The study’s co-author, Amanda Divin, assistant professor of health sciences at Western Illinois University, gave her take on the research:

“Unfortunately, all drugs potentially have dangerous side effects. As our study demonstrates, use of prescription drugs – particularly painkillers like Vicodin and OxyContin – is related to depressive symptoms and suicidal thoughts and behaviors in college students. This is why use of such drugs needs to be monitored by a doctor and why mental health outreach on college campuses is particularly important… Considering how common prescription sharing is on college campuses and the prevalence of mental health issues during the college years, more investigation in this area is definitely warranted.”

As was revealed in the NIDA 2010 study, Divin pointed out that since “prescription drugs are tested by the U.S. Food and Drug Administration and prescribed by a doctor, most people perceive them as ‘safe’ and don’t see the harm in sharing with friends and family if they have a few extra pills left over.”

So, how can Aunties help their college nieces and nephews by preventing and recognizing prescription drug abuse? Below are a few tips for patients provided by NIDA.
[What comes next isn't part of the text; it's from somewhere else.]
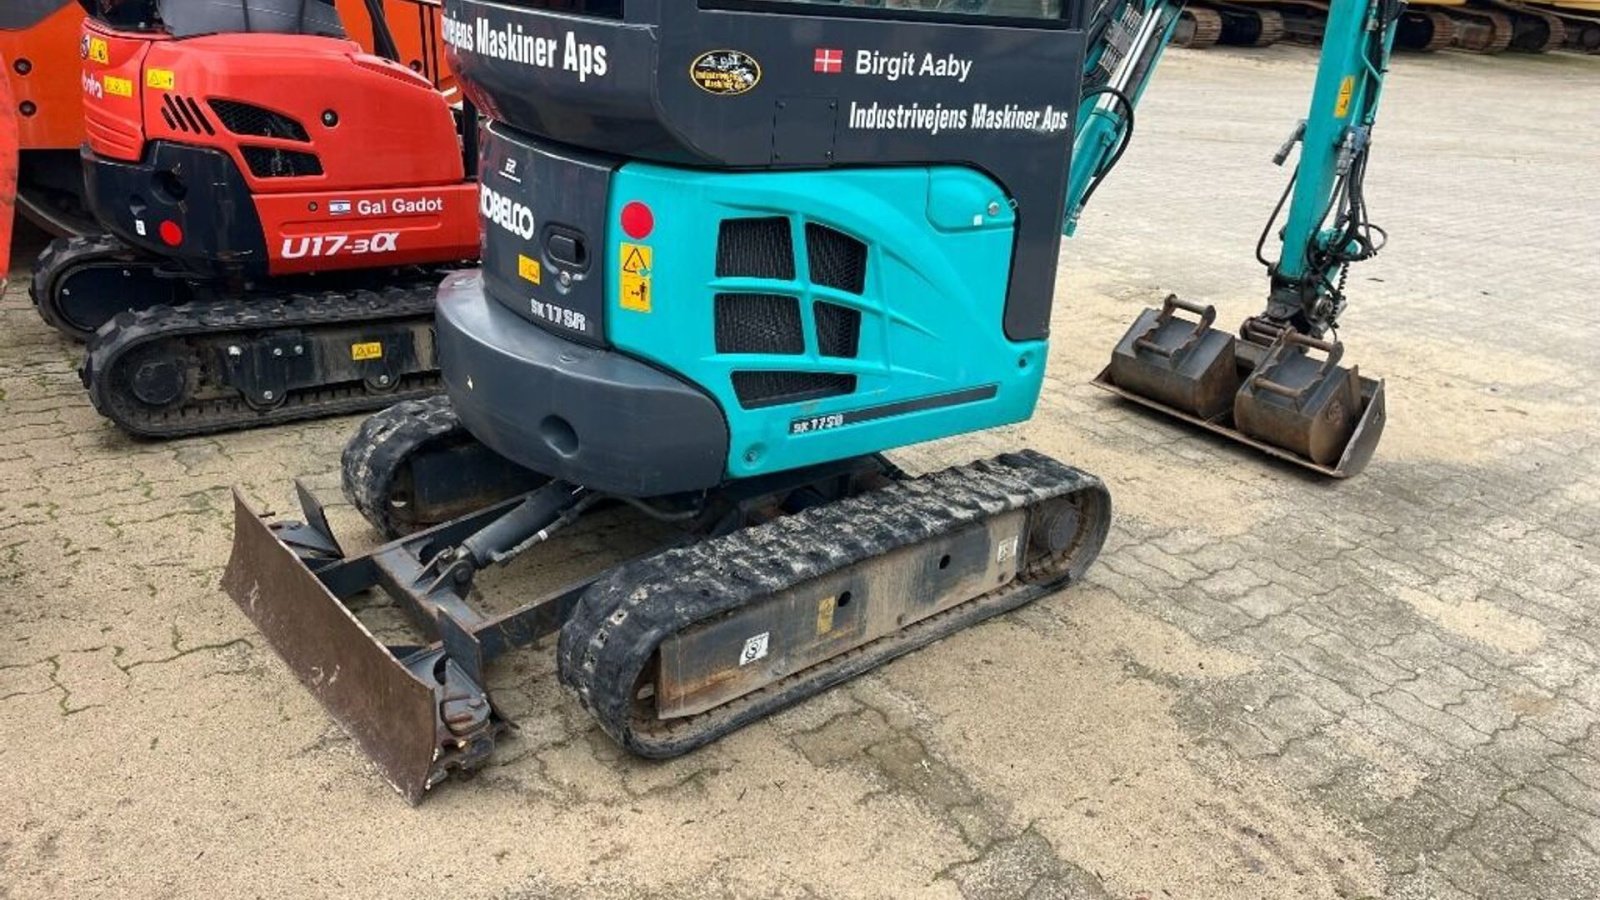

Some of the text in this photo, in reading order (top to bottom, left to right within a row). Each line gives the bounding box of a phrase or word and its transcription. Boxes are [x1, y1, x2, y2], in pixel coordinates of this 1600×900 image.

Take steps to ensure that they use prescription medications appropriately:
-Make sure they’re following the prescribed directions.
-Be aware of potential interactions with other drugs they may be taking.
-Remind them to never stop or change a dosing regimen without first discussing it with a healthcare provider.
-Never let them use another person’s prescription, including your own.
-Tell them to describe all medical problems and to always inform healthcare professionals about all prescriptions, OTC medicines, and dietary and herbal supplements they are taking before obtaining new medications.
-Have them properly discard any unused or expired medications per U.S. Food and Drug Administration (FDA) guidelines or at U.S. Drug Enforcement Administration collection sites.